Sorting by Dispersion

Sorts using the comparison method arrange elements of an array, such as words, in ascending lexicographical order by repeated comparisons of selected elements, two at a time. The processing exchanges elements that are found to be out of order with respect to each other. After the program has compared each element with a certain number of other elements in the array and made the appropriate exchanges, it can be determined that the entire array has been sorted.

The dispersion method makes an initial pass through the array, evaluating each element in some way and putting a vector into internal storage at a location corresponding to the value of the clement. This vector points to the element.

The algorithm then retrieves all the pointers in their new, sorted order. That is the procedure, roughly sketched.

We may try to sort a small mailing list according to zip code, for example, by assigning each record to one of a thousand pointers. The subscript in the pointer array will be the value of the first three digits of the zip code in the corresponding record.

After the pointer array has been cre- ated, we may run through it, collecting nonzero pointers and thus gaining access to the records they point to. They will be in perfect order by the first three digits of the zip code.

If two records' zips have the same first three digits, however, we have a problem: room must be made for two pointers that, according to the rules, should have the same subscript. One solution is to assign the record to a location one higher or one lower than the corresponding three-digit zip value. Additional displacements may be made in case there is still a collision.

Provided the number of such collisions is low, the extra time required to move a pointer up or down the array — before depositing it where it will lie until collection time — will be well spent, because a dispersion-based sort can be very fast, as will be seen later on.

But if our mailing list happens to be entirely from the same region, the large number of collisions will cause the sort to take a very long time — longer than the Shell sort or Quicksort.

A possible solution to the collision problem is to create a very large array with plenty of room for colliding pointers. Instead of shifting hundreds of pointers up or down the pointer array to make room for one new pointer, we might displace a pointer into one of the extra slots, of which there will be plenty.

If we were manually sorting index cards with names on them, we might use such a method.

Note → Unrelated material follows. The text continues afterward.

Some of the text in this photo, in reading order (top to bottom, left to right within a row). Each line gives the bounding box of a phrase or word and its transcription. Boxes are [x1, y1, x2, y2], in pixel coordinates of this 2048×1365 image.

We could put cards on a table with plenty of space between them to make room for yet-to-be-encountered cards.

Such a solution entails plenty of table space — or, in a computer, high-memory overhead. Harold Lorin's Sorting and Sort Systems (p. 152) states that for certain implementations, "the algorithm requires space for the representation of 2(A*N) elements," where N is the size of the array being sorted and A is the number of possible values for a character position. (If numbers were being sorted, A would be 10; if words composed of letters of our alphabet were being sorted, A would be 26.)

In other words, if we were sorting 50 index cards into groups according to the first letter of the name on each card, we would need table space for 26 times 50, or 1,300 cards, to cover the possibility that all the cards will be in the same group.

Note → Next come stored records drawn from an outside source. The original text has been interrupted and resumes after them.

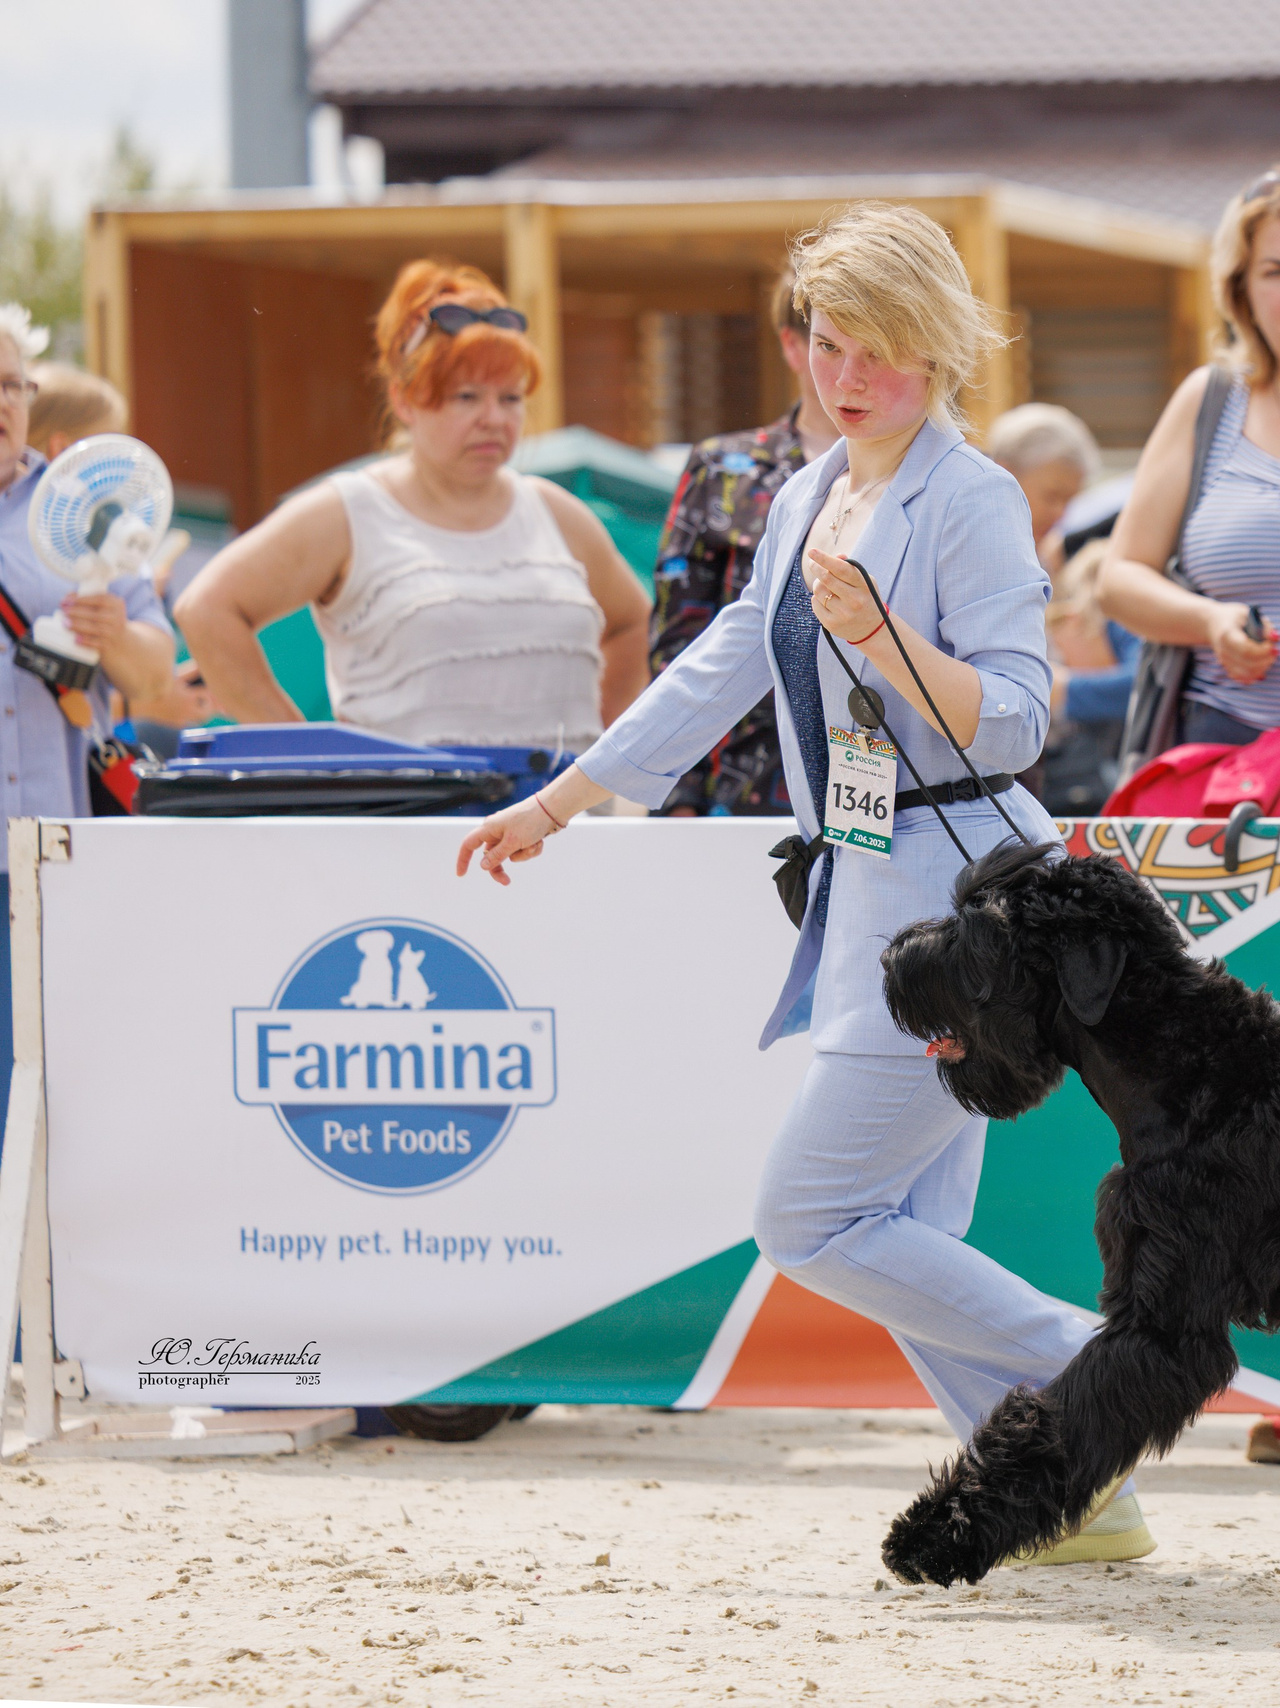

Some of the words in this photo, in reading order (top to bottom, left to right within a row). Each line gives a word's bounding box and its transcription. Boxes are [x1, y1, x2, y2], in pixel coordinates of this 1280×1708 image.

[855, 754, 881, 767] РОССИЯ
[833, 782, 888, 820] 1346
[853, 832, 886, 849] 7.06.2025
[256, 1023, 533, 1091] Farmina
[323, 1120, 373, 1154] Pet
[382, 1120, 472, 1155] Foods
[240, 1227, 327, 1261] Happy
[338, 1230, 391, 1261] pet.
[402, 1228, 491, 1262] Happy
[503, 1232, 563, 1263] you.

Sometimes data that must be sorted has more or less randomly-distributed key values. For these, the simple "address-calculation" sort described by Douglas Davidson in BYTE (November 1983) will be adequate.

But if we are sorting names, text words, or even zip codes, we will almost certainly find a highly nonrandom distribution. We will find clumps of Smiths and Jones's that will cause large numbers of collisions and hence turn a fast sort into a slow one.

This article will present a way to solve the problem of quickly sorting unevenly distributed data in a memory space not substantially greater than that required to hold the array being sorted. In other words, it will describe a way to avoid the time-consuming processing of collisions without using a large extra amount of memory.

First let us examine the comparison approach and see what its limits are. The graph in Figure 1 indicates how the Shell sort, a fast, comparison-based algorithm, requires increasing amounts of time per element to sort increasingly large arrays.

Because the X coordinate (Size of array (N)) on the graph is scaled logarithmically, with a base of two, we can easily see that the Shell sort log₂N an execution time proportional to log₂N process each element; the curve approximates a straight line originating at zero.

As Donald Knuth has shown, sorting algorithms based on comparisons cannot execute faster than this — he total time is at best proportional to N*log₂N. (That is, at least log₂N comparisons must be made for each element.)

This is because a comparison yields only one bit of information: either the left element is greater than the right or it is not; either an exchange must be made or no exchange is to be made. For each doubling of the size of the array to be sorted, an extra pass is required, comparing each element to some other element.

By the time we're sorting about 16,000 elements, about 13 passes through the whole array will be necessary: 2₁₃ = 16,384. The way to flatten the graph and decrease the number of passes necessary is to extract more than one bit of information from each examination of an element.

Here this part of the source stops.